---- Data to examine
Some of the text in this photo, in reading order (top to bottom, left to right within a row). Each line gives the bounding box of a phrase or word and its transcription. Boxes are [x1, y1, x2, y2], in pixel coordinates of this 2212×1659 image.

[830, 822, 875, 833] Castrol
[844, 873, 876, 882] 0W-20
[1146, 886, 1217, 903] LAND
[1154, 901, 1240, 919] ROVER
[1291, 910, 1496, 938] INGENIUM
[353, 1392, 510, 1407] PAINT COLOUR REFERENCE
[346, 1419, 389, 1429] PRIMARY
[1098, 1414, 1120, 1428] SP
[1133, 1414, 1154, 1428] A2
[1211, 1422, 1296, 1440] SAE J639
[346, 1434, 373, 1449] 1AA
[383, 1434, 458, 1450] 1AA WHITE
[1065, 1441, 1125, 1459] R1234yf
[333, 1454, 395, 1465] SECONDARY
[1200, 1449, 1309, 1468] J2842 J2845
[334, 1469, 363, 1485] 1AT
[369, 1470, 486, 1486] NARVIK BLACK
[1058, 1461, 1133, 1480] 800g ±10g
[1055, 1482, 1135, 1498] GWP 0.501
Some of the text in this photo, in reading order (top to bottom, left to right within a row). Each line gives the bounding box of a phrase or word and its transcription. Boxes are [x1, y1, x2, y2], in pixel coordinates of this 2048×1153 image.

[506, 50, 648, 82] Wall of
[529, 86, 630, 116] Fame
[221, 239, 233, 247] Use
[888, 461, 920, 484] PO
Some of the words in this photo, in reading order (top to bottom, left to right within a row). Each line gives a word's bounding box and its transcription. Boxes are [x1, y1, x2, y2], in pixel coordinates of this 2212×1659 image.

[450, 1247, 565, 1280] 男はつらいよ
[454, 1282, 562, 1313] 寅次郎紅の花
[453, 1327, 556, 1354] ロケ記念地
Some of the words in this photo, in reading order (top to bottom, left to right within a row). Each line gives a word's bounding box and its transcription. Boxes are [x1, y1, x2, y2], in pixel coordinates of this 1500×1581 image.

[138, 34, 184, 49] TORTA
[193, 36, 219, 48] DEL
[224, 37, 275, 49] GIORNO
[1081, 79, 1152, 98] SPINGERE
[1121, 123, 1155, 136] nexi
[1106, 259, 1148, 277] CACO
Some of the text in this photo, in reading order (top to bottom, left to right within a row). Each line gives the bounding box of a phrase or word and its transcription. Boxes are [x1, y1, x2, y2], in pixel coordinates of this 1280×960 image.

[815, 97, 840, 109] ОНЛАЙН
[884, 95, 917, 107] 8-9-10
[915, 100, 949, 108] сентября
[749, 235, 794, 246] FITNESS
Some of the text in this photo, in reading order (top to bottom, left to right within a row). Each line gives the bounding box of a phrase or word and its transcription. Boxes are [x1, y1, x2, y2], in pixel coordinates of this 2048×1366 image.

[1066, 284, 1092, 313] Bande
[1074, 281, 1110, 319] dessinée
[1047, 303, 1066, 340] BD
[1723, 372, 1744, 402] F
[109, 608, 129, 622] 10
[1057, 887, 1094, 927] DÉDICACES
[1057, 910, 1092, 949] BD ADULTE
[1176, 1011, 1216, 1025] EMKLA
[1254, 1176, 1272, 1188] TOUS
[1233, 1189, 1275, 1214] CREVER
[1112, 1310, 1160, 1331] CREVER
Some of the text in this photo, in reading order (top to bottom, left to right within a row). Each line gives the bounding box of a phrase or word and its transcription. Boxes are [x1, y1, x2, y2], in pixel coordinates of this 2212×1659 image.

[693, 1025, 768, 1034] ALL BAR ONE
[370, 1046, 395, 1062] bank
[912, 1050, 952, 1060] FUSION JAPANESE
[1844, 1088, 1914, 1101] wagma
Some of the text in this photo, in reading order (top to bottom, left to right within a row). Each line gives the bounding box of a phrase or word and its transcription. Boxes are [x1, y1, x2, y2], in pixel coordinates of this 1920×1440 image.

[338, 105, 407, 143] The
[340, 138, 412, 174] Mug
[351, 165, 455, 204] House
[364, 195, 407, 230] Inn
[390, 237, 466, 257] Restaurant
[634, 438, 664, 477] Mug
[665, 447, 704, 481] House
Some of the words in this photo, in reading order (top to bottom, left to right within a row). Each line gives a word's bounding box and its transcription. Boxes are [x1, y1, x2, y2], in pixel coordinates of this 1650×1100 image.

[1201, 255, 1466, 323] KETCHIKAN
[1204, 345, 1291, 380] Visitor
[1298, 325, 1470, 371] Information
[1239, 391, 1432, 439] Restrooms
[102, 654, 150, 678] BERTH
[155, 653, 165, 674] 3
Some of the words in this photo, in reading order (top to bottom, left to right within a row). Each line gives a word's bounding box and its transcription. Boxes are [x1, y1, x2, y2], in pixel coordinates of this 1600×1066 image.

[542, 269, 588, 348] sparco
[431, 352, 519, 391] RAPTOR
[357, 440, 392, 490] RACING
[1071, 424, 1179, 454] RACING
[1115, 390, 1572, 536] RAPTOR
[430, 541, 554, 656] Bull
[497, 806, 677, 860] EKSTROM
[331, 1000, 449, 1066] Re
--------
Would you set the entries down again, exactly as they were written?

Some of the text in this photo, in reading order (top to bottom, left to right within a row). Each line gives the bounding box of a phrase or word and its transcription. Boxes are [x1, y1, x2, y2], in pixel coordinates of this 2212×1659 image.

[830, 822, 875, 833] Castrol
[844, 873, 876, 882] 0W-20
[1146, 886, 1217, 903] LAND
[1154, 901, 1240, 919] ROVER
[1291, 910, 1496, 938] INGENIUM
[353, 1392, 510, 1407] PAINT COLOUR REFERENCE
[346, 1419, 389, 1429] PRIMARY
[1098, 1414, 1120, 1428] SP
[1133, 1414, 1154, 1428] A2
[1211, 1422, 1296, 1440] SAE J639
[346, 1434, 373, 1449] 1AA
[383, 1434, 458, 1450] 1AA WHITE
[1065, 1441, 1125, 1459] R1234yf
[333, 1454, 395, 1465] SECONDARY
[1200, 1449, 1309, 1468] J2842 J2845
[334, 1469, 363, 1485] 1AT
[369, 1470, 486, 1486] NARVIK BLACK
[1058, 1461, 1133, 1480] 800g ±10g
[1055, 1482, 1135, 1498] GWP 0.501
Some of the text in this photo, in reading order (top to bottom, left to right within a row). Each line gives the bounding box of a phrase or word and its transcription. Boxes are [x1, y1, x2, y2], in pixel coordinates of this 2048×1153 image.

[506, 50, 648, 82] Wall of
[529, 86, 630, 116] Fame
[221, 239, 233, 247] Use
[888, 461, 920, 484] PO
Some of the words in this photo, in reading order (top to bottom, left to right within a row). Each line gives a word's bounding box and its transcription. Boxes are [x1, y1, x2, y2], in pixel coordinates of this 2212×1659 image.

[450, 1247, 565, 1280] 男はつらいよ
[454, 1282, 562, 1313] 寅次郎紅の花
[453, 1327, 556, 1354] ロケ記念地
Some of the words in this photo, in reading order (top to bottom, left to right within a row). Each line gives a word's bounding box and its transcription. Boxes are [x1, y1, x2, y2], in pixel coordinates of this 1500×1581 image.

[138, 34, 184, 49] TORTA
[193, 36, 219, 48] DEL
[224, 37, 275, 49] GIORNO
[1081, 79, 1152, 98] SPINGERE
[1121, 123, 1155, 136] nexi
[1106, 259, 1148, 277] CACO
Some of the text in this photo, in reading order (top to bottom, left to right within a row). Each line gives the bounding box of a phrase or word and its transcription. Boxes are [x1, y1, x2, y2], in pixel coordinates of this 1280×960 image.

[815, 97, 840, 109] ОНЛАЙН
[884, 95, 917, 107] 8-9-10
[915, 100, 949, 108] сентября
[749, 235, 794, 246] FITNESS
Some of the text in this photo, in reading order (top to bottom, left to right within a row). Each line gives the bounding box of a phrase or word and its transcription. Boxes are [x1, y1, x2, y2], in pixel coordinates of this 2048×1366 image.

[1066, 284, 1092, 313] Bande
[1074, 281, 1110, 319] dessinée
[1047, 303, 1066, 340] BD
[1723, 372, 1744, 402] F
[109, 608, 129, 622] 10
[1057, 887, 1094, 927] DÉDICACES
[1057, 910, 1092, 949] BD ADULTE
[1176, 1011, 1216, 1025] EMKLA
[1254, 1176, 1272, 1188] TOUS
[1233, 1189, 1275, 1214] CREVER
[1112, 1310, 1160, 1331] CREVER
Some of the text in this photo, in reading order (top to bottom, left to right within a row). Each line gives the bounding box of a phrase or word and its transcription. Boxes are [x1, y1, x2, y2], in pixel coordinates of this 2212×1659 image.

[693, 1025, 768, 1034] ALL BAR ONE
[370, 1046, 395, 1062] bank
[912, 1050, 952, 1060] FUSION JAPANESE
[1844, 1088, 1914, 1101] wagma
Some of the text in this photo, in reading order (top to bottom, left to right within a row). Each line gives the bounding box of a phrase or word and its transcription. Boxes are [x1, y1, x2, y2], in pixel coordinates of this 1920×1440 image.

[338, 105, 407, 143] The
[340, 138, 412, 174] Mug
[351, 165, 455, 204] House
[364, 195, 407, 230] Inn
[390, 237, 466, 257] Restaurant
[634, 438, 664, 477] Mug
[665, 447, 704, 481] House
Some of the words in this photo, in reading order (top to bottom, left to right within a row). Each line gives a word's bounding box and its transcription. Boxes are [x1, y1, x2, y2], in pixel coordinates of this 1650×1100 image.

[1201, 255, 1466, 323] KETCHIKAN
[1204, 345, 1291, 380] Visitor
[1298, 325, 1470, 371] Information
[1239, 391, 1432, 439] Restrooms
[102, 654, 150, 678] BERTH
[155, 653, 165, 674] 3
Some of the words in this photo, in reading order (top to bottom, left to right within a row). Each line gives a word's bounding box and its transcription. Boxes are [x1, y1, x2, y2], in pixel coordinates of this 1600×1066 image.

[542, 269, 588, 348] sparco
[431, 352, 519, 391] RAPTOR
[357, 440, 392, 490] RACING
[1071, 424, 1179, 454] RACING
[1115, 390, 1572, 536] RAPTOR
[430, 541, 554, 656] Bull
[497, 806, 677, 860] EKSTROM
[331, 1000, 449, 1066] Re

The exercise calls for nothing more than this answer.